|Companies developed risk management systems |
for their devices using the ISO standardized process.
Medical devices have been developed with some requirements for product safety since the implementation of the Medical Device Amendments of 1976 to the Federal Food, Drug and Cosmetic Act. Initially FDA required manufacturers to submit information related to safety as part of the 510(k) premarket notification process, providing comparative data on predicate devices versus the device under consideration. In the more rigorous Premarket Approval (PMA) process, more detailed safety information on the device under consideration has been required. Additionally, in a guidance document published in 1991, the FDA required a “hazard analysis” in all premarket submissions for devices containing software.
As far back as 1986, risk analysis was required to receive the CE Mark in Europe. In 1994, with the implementation of Europe’s Medical Device Directive under the Essential Requirements section of the law, product safety information was required and a European standard was developed to conduct risk analysis for devices under consideration, EN 1441. That standard began a push to develop an international standard for risk, which eventually became ISO 14971 on risk management, released in 2000, and revised in 2007.
Europe accepted ISO 14971 as a replacement for EN 1441, as it was realized that risk had to be managed throughout the product lifecycle, and not just analyzed in the development process. The Medical Device Directive helped drive that realization and at the same time the FDA was developing the new Quality System Regulation, which was released in late 1996 and effective June 1997. So there was impetus from both sides of the Atlantic for development of the risk management process. Even Australia got into the picture with their own move towards medical device regulation with risk requirements.

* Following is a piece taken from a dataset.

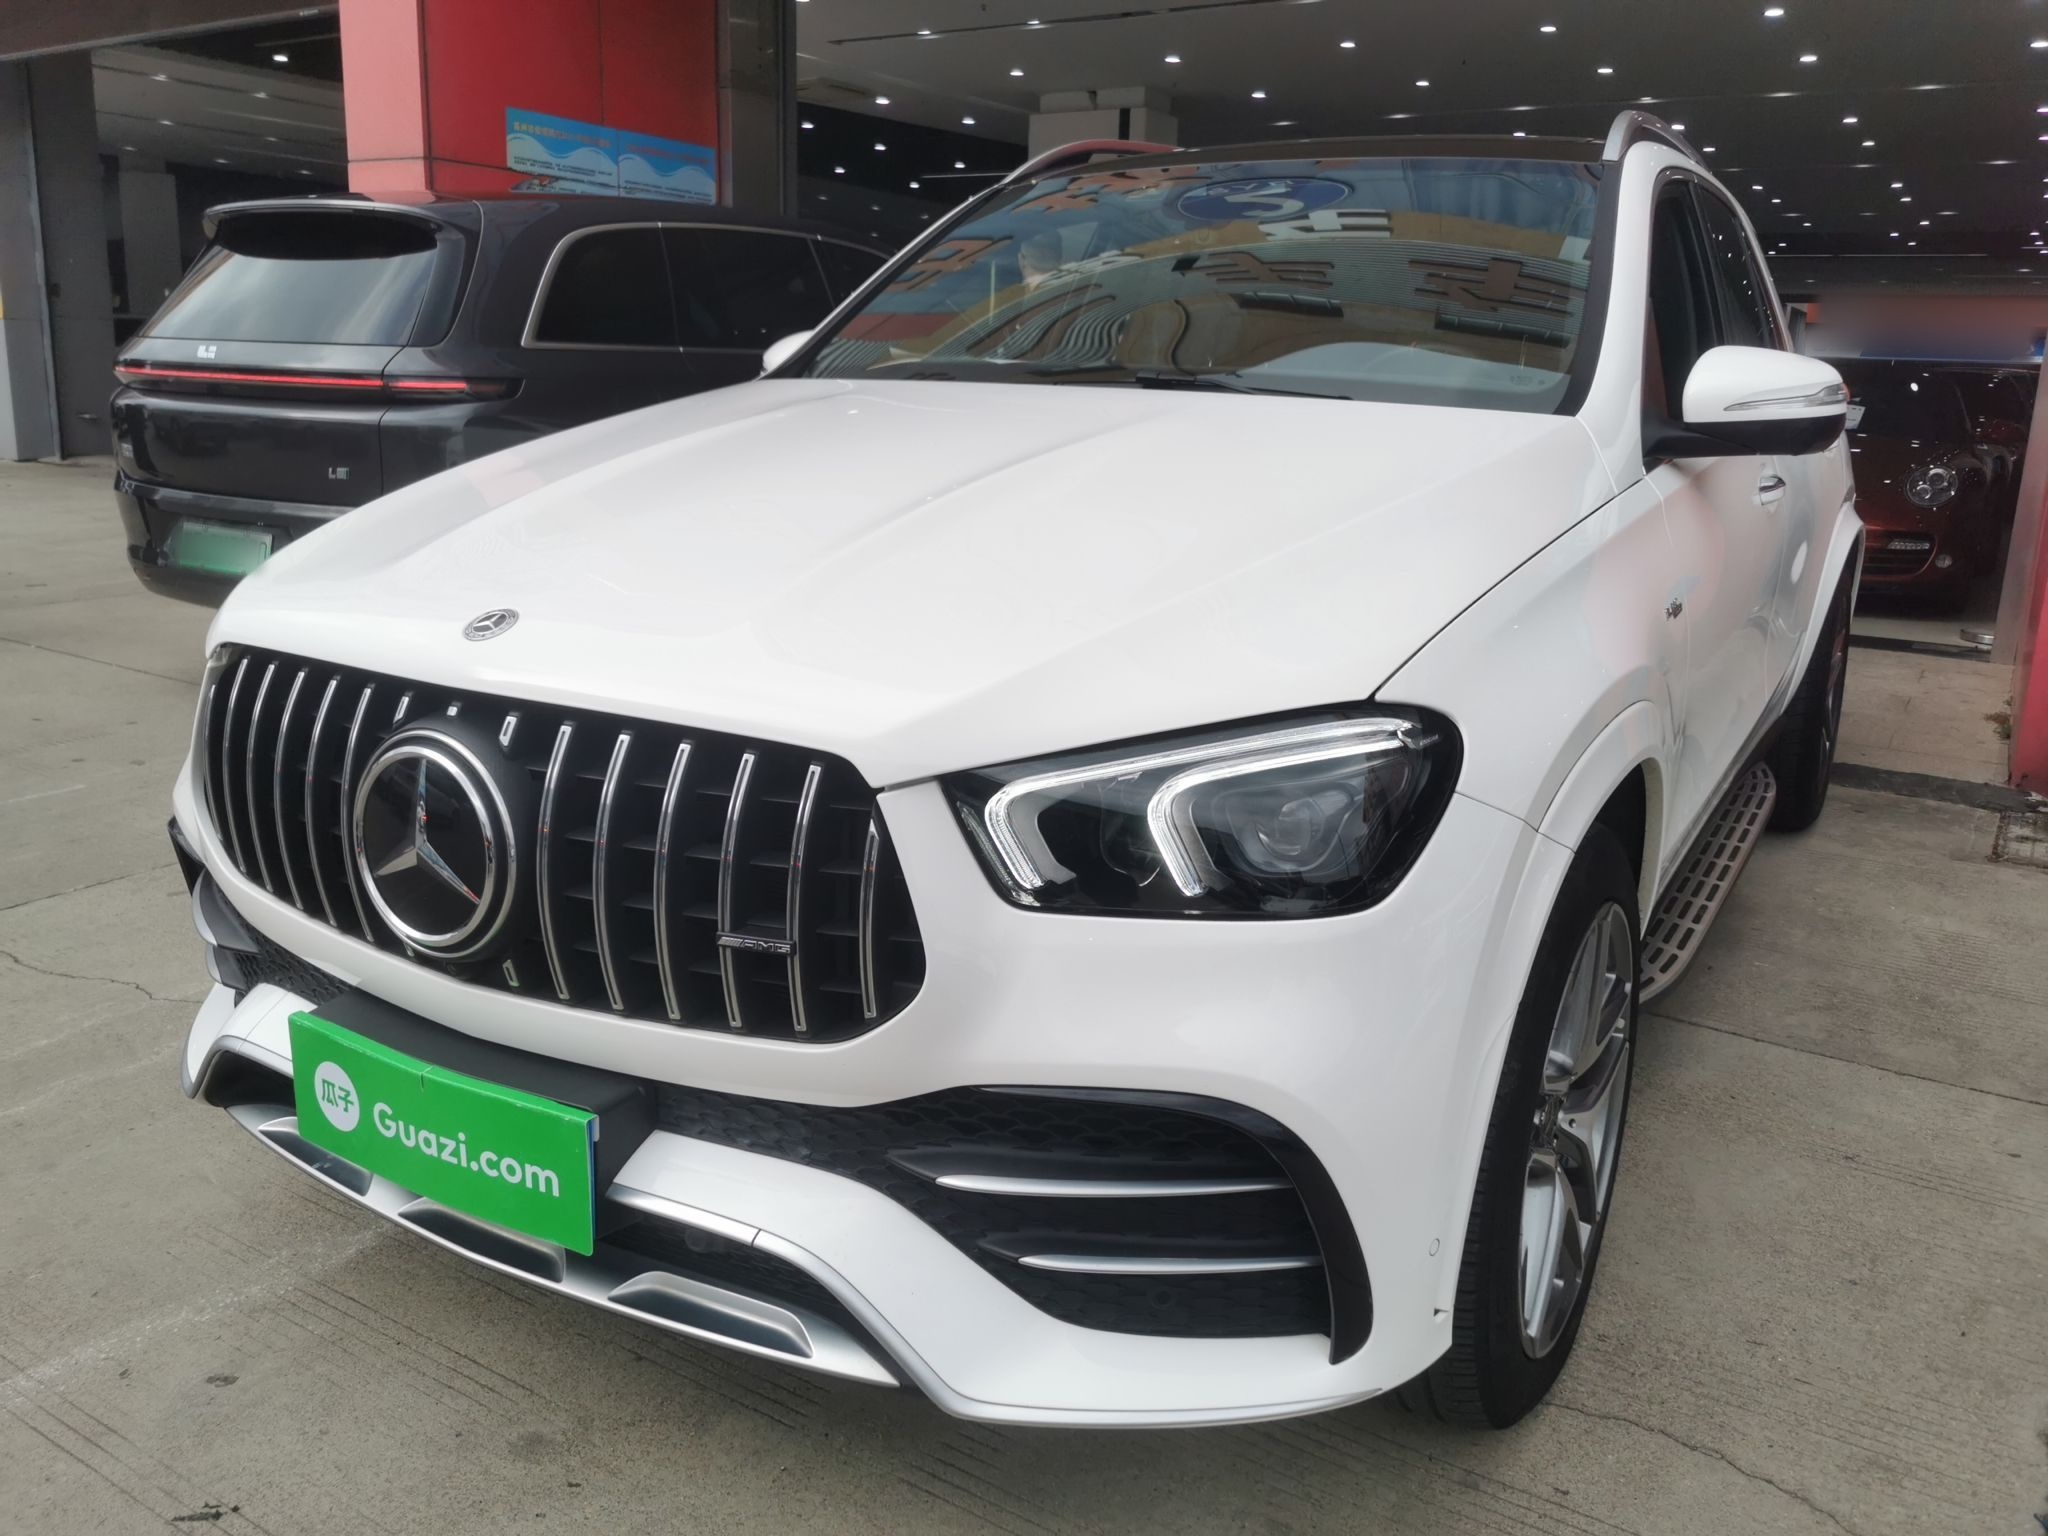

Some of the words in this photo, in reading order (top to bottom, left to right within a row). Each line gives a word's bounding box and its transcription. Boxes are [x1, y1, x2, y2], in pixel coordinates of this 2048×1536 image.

The national committees from ISO and IEC, as well as the European Union CEN and CENELEC bodies, adopted ISO 14971 with a 100% affirmative vote in 2000 and again in 2007. All was well with an internationally recognized standard process for managing risks in medical devices.

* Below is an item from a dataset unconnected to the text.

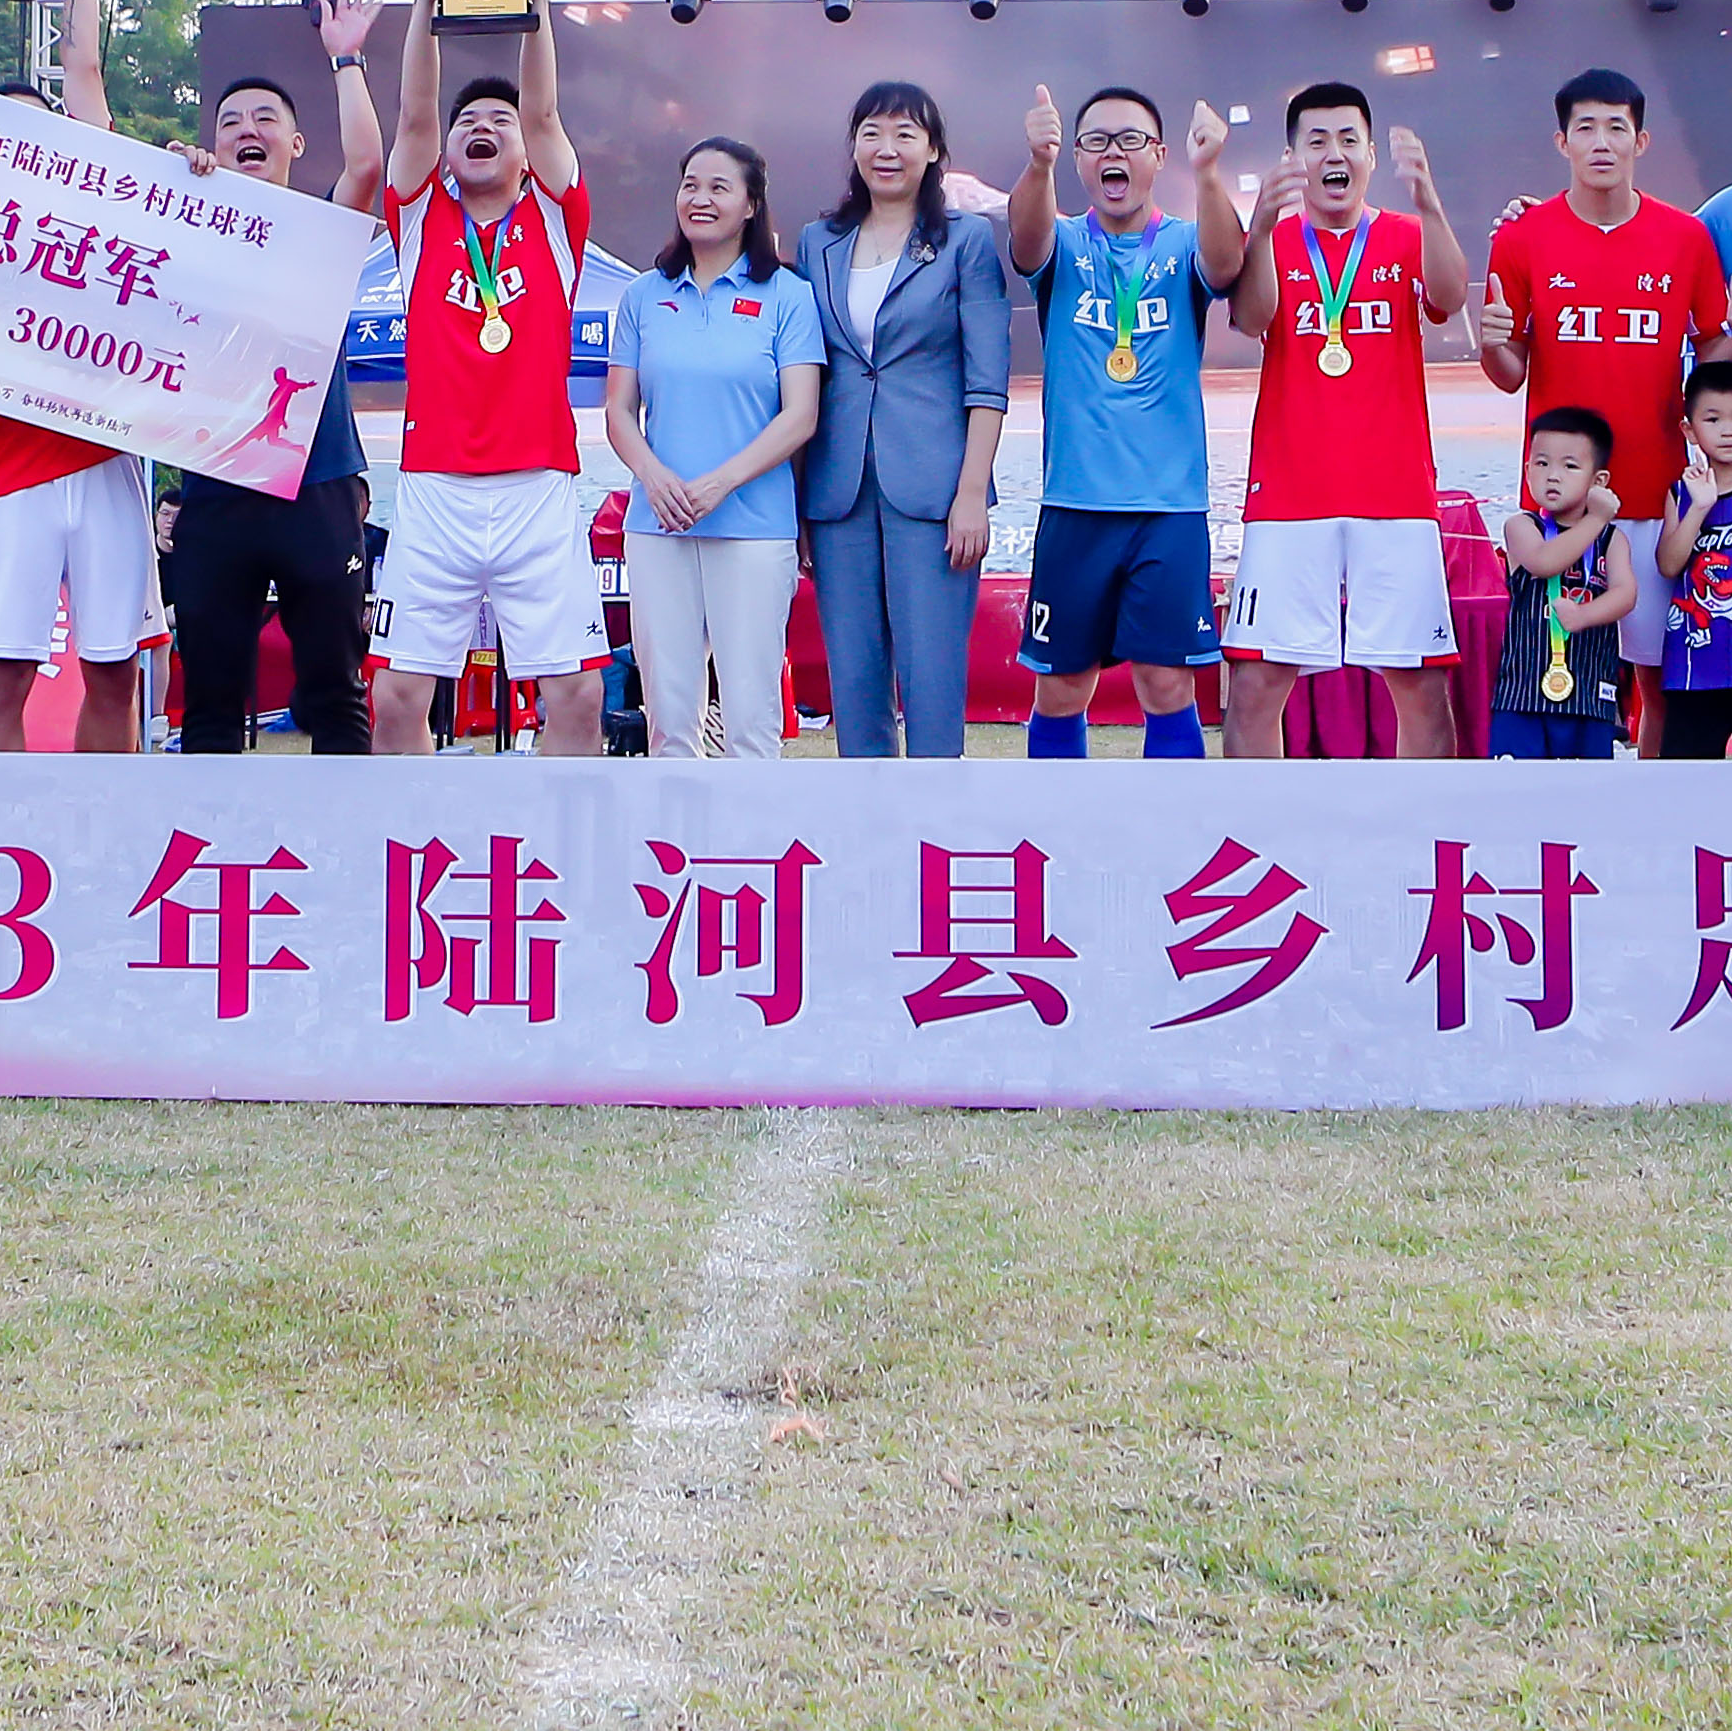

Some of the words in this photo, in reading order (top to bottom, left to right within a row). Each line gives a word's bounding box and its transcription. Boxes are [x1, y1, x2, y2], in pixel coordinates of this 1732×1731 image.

[1073, 290, 1170, 334] 红卫
[1296, 301, 1392, 336] 红卫
[1558, 306, 1659, 345] 红卫
[1236, 586, 1258, 626] 11

The FDA recognized both versions of the standard, and Europe harmonized the standard. Other countries provided some form of acceptance of the standard based on their regulatory systems.
Companies began to develop risk management systems for their devices using the ISO standardized process. As with anything new, it took time and effort for companies to develop systems for product safety conforming to the standard. Even after the 2007 release, there were firms that lacked a conforming process.
When the IEC developed a new version of the electro-medical device standard IEC 60601 in 2005, a large move forward in risk management occurred. The new IEC standard required documented proof of conformance to ISO 14971 in order to have a product claim conformance to IEC 60601. Many regulators require conformance to this standard to place a device on the market.
With the new FDA Quality System Regulation (QS Reg) in place, FDA began to cite companies for lack of performing risk analyses. The FDA became stuck in terminology due to the timing of the QS Reg versus the development of the risk management standard, and so the regulation required “risk analysis” and not “risk management.” The preamble to the regulation did, however, point the reader to the work of the standard technical committee developing the international risk management standard and it was clear throughout the preamble that the FDA expected “risk management” not just “risk analysis.” In the premarket activities, they recognized that companies should be able to provide more detailed product safety data from their risk management systems and have included requirements for risk data in a number of premarket submissions guidance documents.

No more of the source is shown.